▶ Task to carry out:
Retype the records below word for word and omit any image.

Records drawn from a dataset:
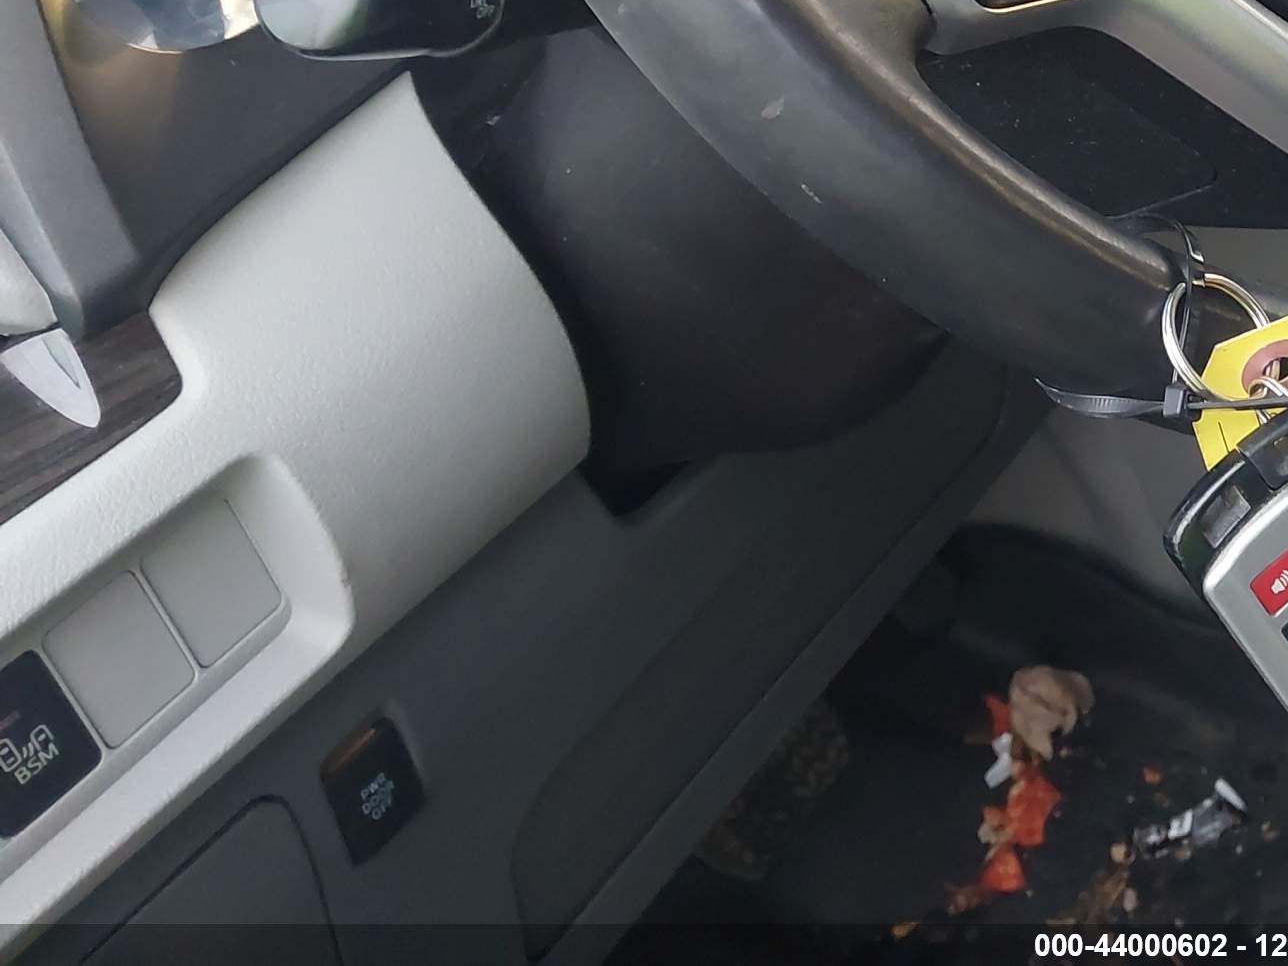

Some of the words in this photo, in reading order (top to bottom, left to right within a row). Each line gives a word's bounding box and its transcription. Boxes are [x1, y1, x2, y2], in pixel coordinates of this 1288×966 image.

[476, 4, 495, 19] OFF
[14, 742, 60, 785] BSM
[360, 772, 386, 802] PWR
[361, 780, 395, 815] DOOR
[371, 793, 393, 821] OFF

▶ Response area:
Some of the words in this photo, in reading order (top to bottom, left to right within a row). Each line gives a word's bounding box and its transcription. Boxes are [x1, y1, x2, y2], in pixel coordinates of this 1288×966 image.

[476, 4, 495, 19] OFF
[14, 742, 60, 785] BSM
[360, 772, 386, 802] PWR
[361, 780, 395, 815] DOOR
[371, 793, 393, 821] OFF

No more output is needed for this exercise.